«El día de mi boda tuve la misma ilusión que cuando hice la primera comunión»

Yamel, médico dominicana afincada en Oviedo, cuenta cómo vivió los años sin poder casarse por la Iglesia, qué supuso para ella conocer el Opus Dei y qué le dijo su hijo el día que le preguntó por su boda.

Yamel tiene 42 años y lleva una década viviendo en España. Cuando se presenta, elige cinco cosas: «Soy dominicana, soy médico, tengo un niño, soy casada y soy hija de Dios, sobre todo».

Antes de venir a Oviedo, lo tenía todo en República Dominicana: una plaza en un hospital, su consulta privada, sus pacientes. Ella y su marido se conocieron por internet e iniciaron una relación a distancia que prosperó.

En su país se casaron por lo civil porque, para hacerlo por la Iglesia, él necesitaba haber hecho la confirmación. Cuando Yamel llegó a España, los obstáculos no desaparecieron: «Todo eran trabas. Ya nos casaremos, ya nos casaremos, y la cosa se fue alargando».

Sin poder comulgar

Cada domingo le pesaba lo mismo: no poder comulgar. «Mi corazón lo sentía realmente vacío» recuerda Yamel.

Llegó a Oviedo sin familia. «Mi único refugio era acudir a la iglesia». Se hizo adoradora del Santísimo en su parroquia, y fue allí donde conoció a Lupe, una ancianita supernumeraria del Opus Dei. Un día, Lupe se acercó a ella: «Oye, veo que eres una persona muy entregada y quisiera que conocieras a una chica que, por coincidencias de la vida, va a ir a República Dominicana».

Así conoció el Opus Dei. La llevaron a una casa donde se reunían otras mujeres para formarse, y nada más entrar rompió a llorar. «Fue entrar y sentirme como en casa, volver a tener paz», recuerda. Todavía sonríe al evocar el cuadro: «Esa señora presentándome gente y yo llorando».

Cuando le contó a su marido que había conocido a personas del Opus Dei, la primera reacción fue de recelo: «Tenga usted cuidado, que te dañan la cabeza, te quitan el dinero», le advirtió. Yamel le respondió: «No me parecen así, porque veo que son personas muy normales».

«Dios es el centro del matrimonio»

La boda por la Iglesia llegó sin grandes planes.

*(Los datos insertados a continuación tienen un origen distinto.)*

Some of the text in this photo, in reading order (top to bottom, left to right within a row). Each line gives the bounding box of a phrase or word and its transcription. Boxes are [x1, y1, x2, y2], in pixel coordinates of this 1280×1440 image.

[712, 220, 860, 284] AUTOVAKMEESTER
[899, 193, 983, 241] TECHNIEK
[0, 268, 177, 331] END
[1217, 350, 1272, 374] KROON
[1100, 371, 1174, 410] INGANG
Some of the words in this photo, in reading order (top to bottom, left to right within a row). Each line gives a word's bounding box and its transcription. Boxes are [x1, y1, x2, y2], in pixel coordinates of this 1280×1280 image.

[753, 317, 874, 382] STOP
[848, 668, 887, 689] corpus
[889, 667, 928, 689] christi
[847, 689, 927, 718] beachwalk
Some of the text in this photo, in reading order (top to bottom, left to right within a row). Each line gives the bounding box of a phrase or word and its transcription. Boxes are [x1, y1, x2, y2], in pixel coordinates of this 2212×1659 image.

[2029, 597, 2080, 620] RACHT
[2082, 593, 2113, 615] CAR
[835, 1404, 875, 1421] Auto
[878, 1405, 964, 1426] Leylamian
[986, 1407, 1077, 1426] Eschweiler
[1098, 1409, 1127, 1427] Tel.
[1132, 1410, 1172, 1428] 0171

Un día, paseando por Oviedo, entraron en la iglesia de las Esclavas, como solían hacer. Al salir, su marido le dijo: «Oye, ¿y si nos casamos por la Iglesia?». Yamel sacó el móvil sin pensarlo dos veces y, antes de que hubieran recorrido media manzana, el sacerdote que les casaría ya estaba enterado de la noticia.

Su madre no pudo estar: la embajada le denegó el visado. «Yo sentía ese vacío porque mi familia no estaba, pero no me producía tristeza, porque me sentía también muy acompañada».

Del día de la boda, Yamel guarda una sensación muy precisa: «Fue como la misma ilusión y el mismo nervio que me dio cuando hice la primera comunión». Y habla con igual claridad de lo que, para ella, explica todo: «Dios es el centro de las familias, el centro del matrimonio, el centro de la vida. Si Dios no está en nuestro matrimonio, en nuestras vidas, en nuestra familia, nada puede funcionar».

La boda tuvo efectos que ella no esperaba. Los padres de su marido llevaban más de veinte años sin confesarse, y volvieron a hacerlo con ocasión de la boda. Su marido también cambió: «Había más unión, era más fuerte. Nos volvimos más uno».

Diez años después

Yamel es hoy supernumeraria del Opus Dei. «El Opus Dei es mi familia, mi guía, mi acompañamiento. Todas esas mujeres que conocí son mis hermanas».

Hoy, cuando su hijo le dice que quiere casarse como ellos, Yamel siente que la respuesta está en esa seguridad que encontró hace diez años.